═══ RAW DATA

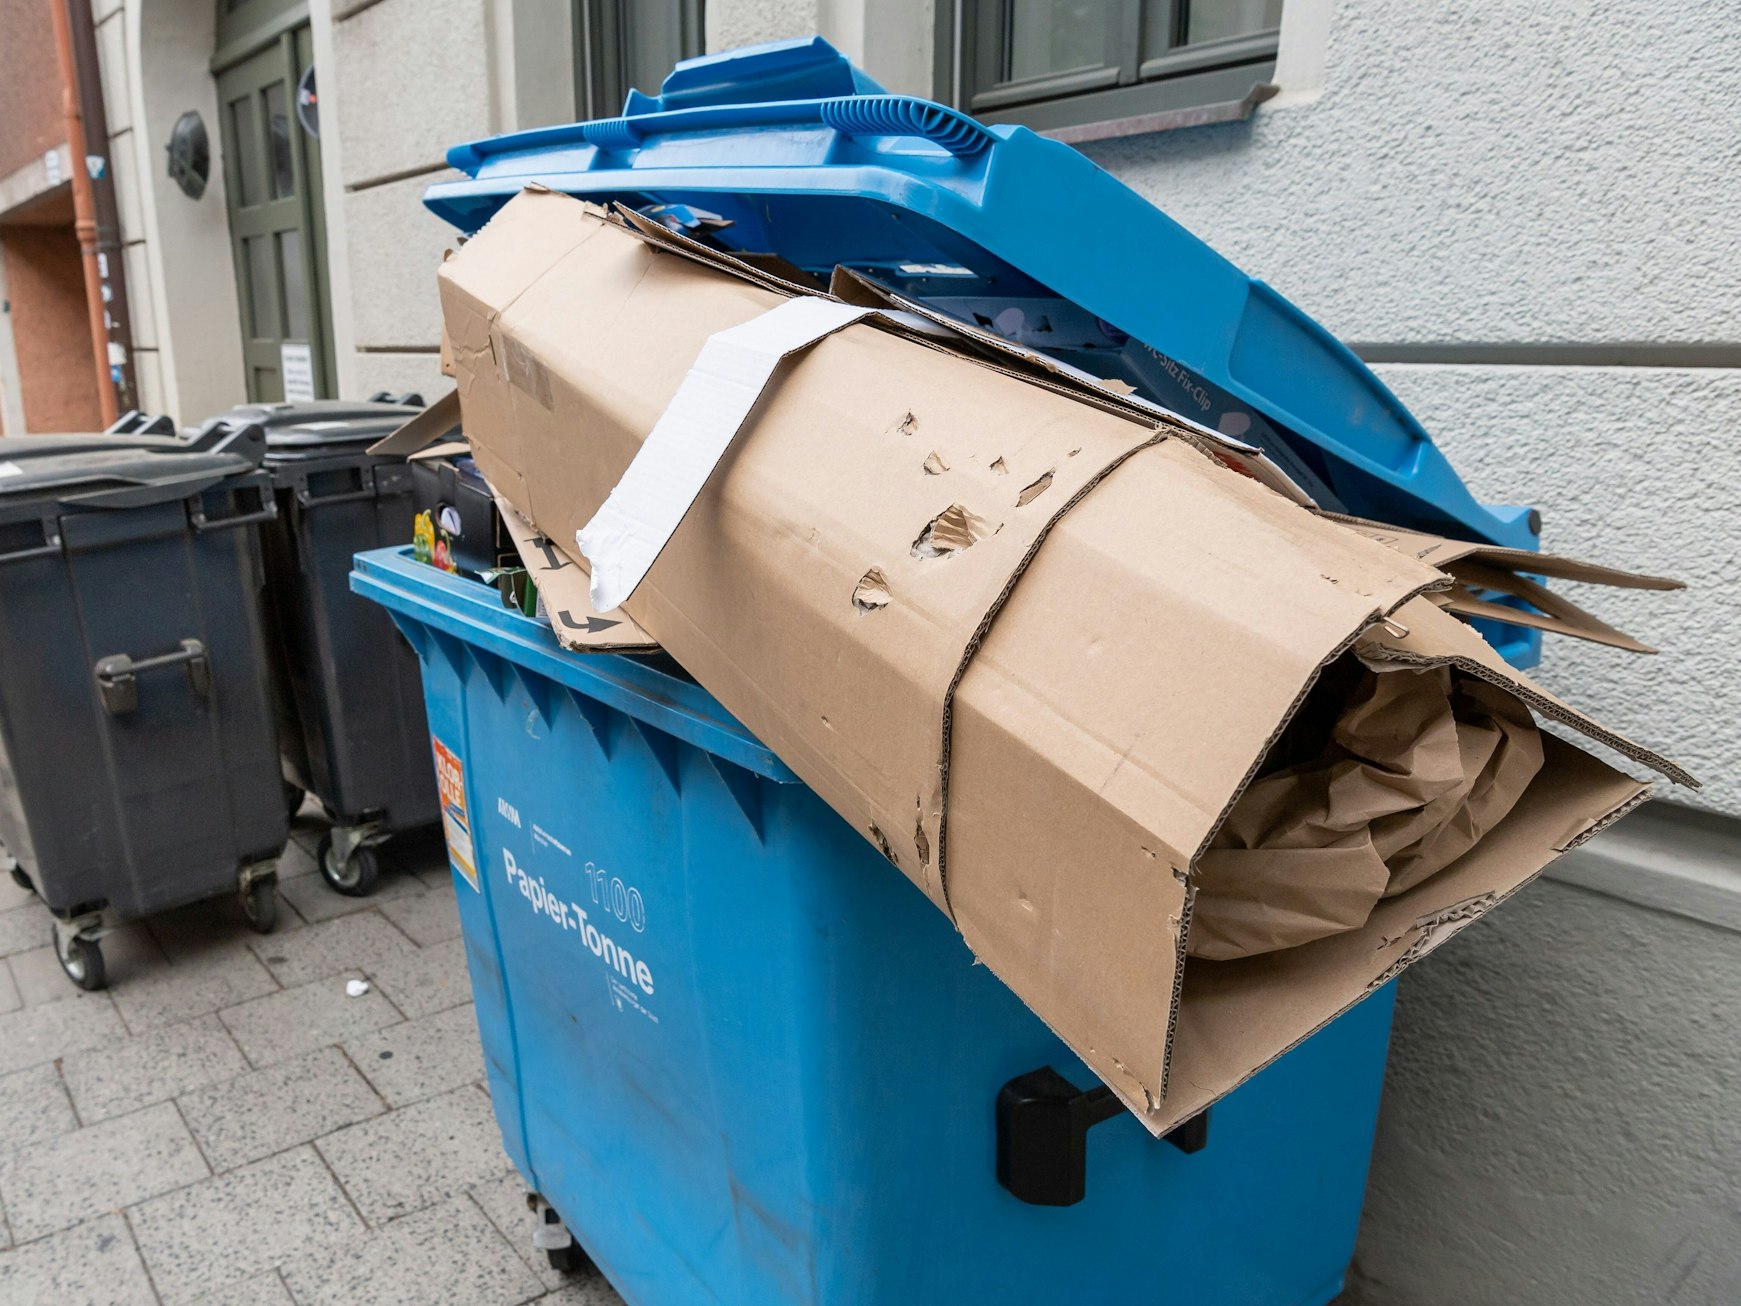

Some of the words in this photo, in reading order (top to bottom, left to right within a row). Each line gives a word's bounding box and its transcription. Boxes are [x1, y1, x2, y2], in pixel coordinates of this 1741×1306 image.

[1144, 343, 1179, 378] C-Sitz
[1176, 369, 1211, 411] Fix-Clip
[502, 846, 655, 995] Papier-Tonne
[585, 861, 645, 933] 1100
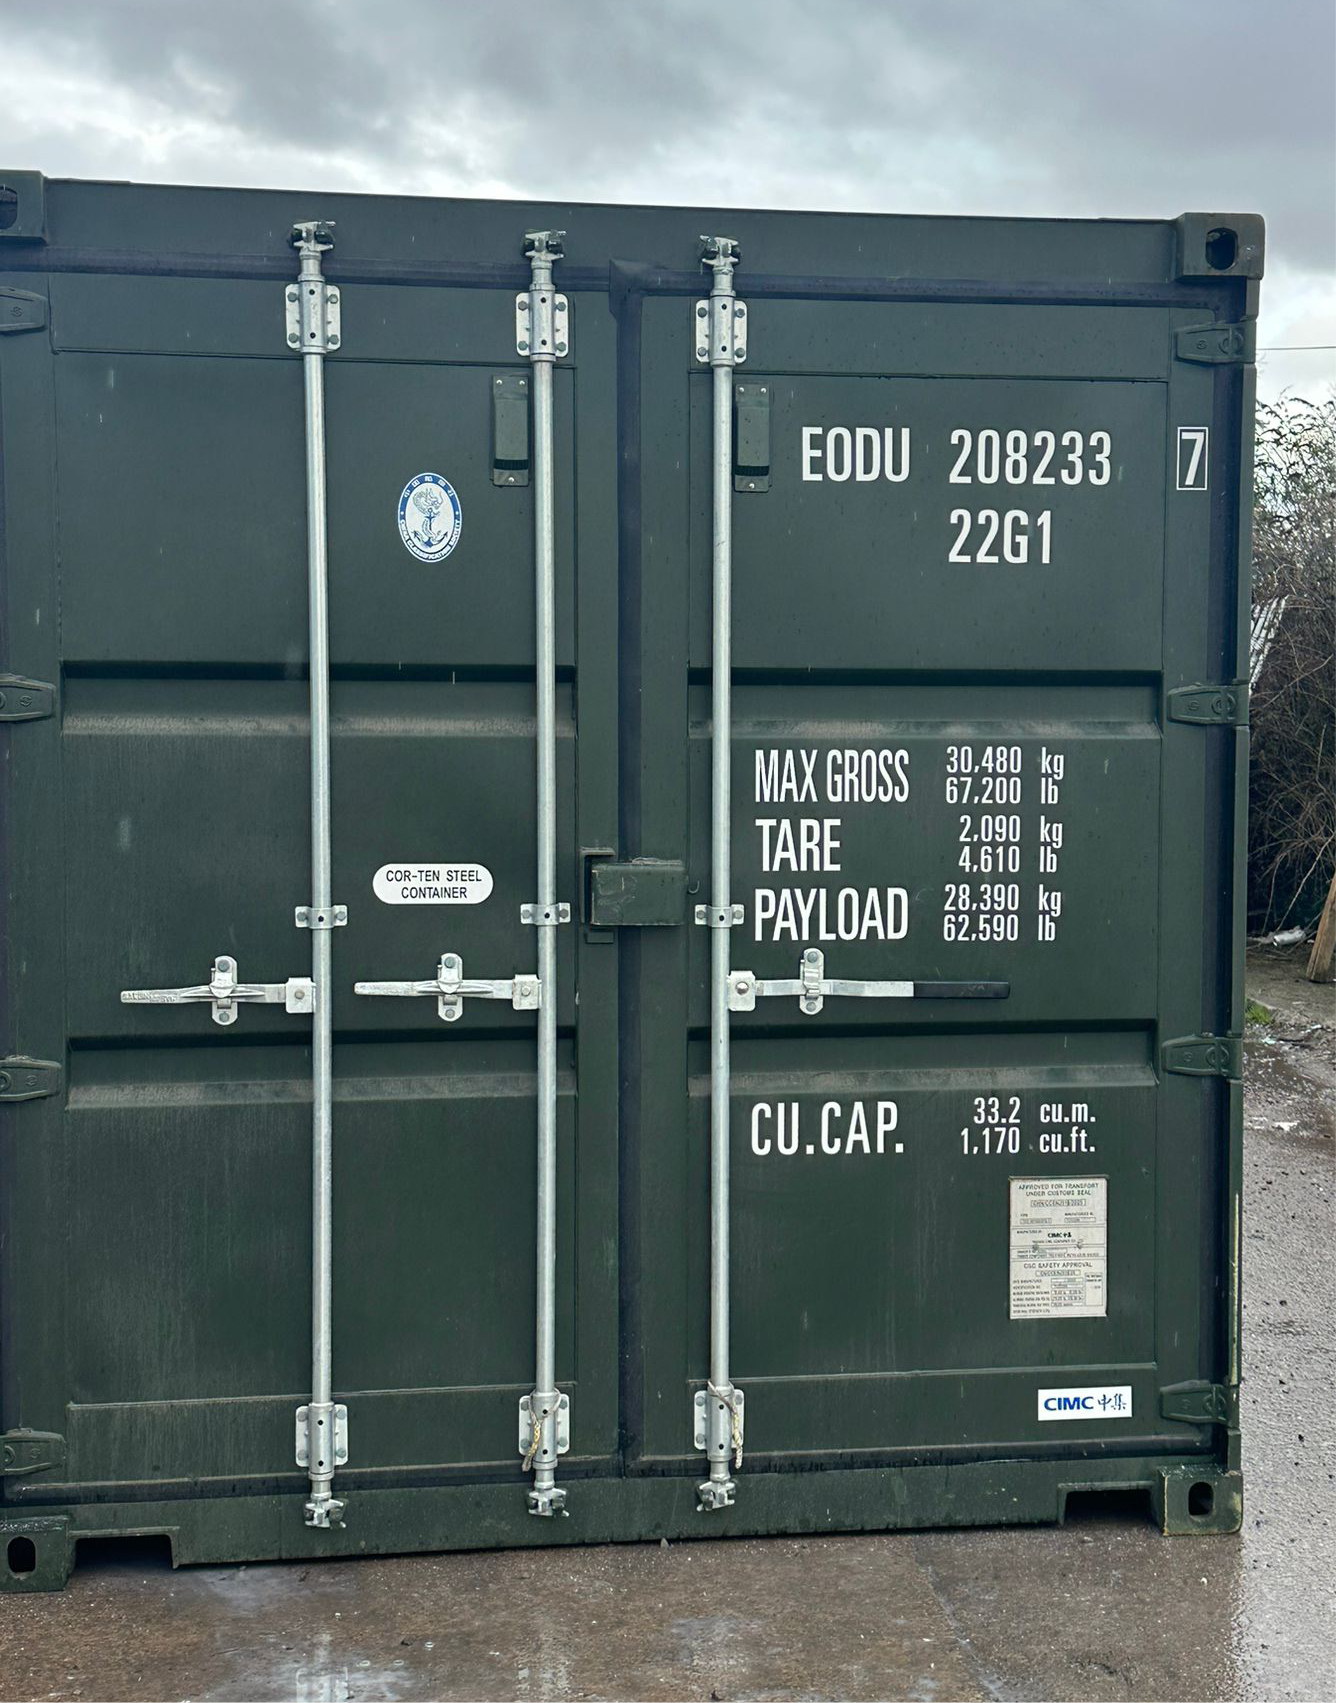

══════

WORK TASK » Please produce an exact copy of all the material, leaving out the pictures.

SOLUTION TO THIS PROBLEM »
Some of the words in this photo, in reading order (top to bottom, left to right within a row). Each line gives a word's bounding box and its transcription. Boxes are [x1, y1, x2, y2], in pixel coordinates of this 1741×1306 image.

[1144, 343, 1179, 378] C-Sitz
[1176, 369, 1211, 411] Fix-Clip
[502, 846, 655, 995] Papier-Tonne
[585, 861, 645, 933] 1100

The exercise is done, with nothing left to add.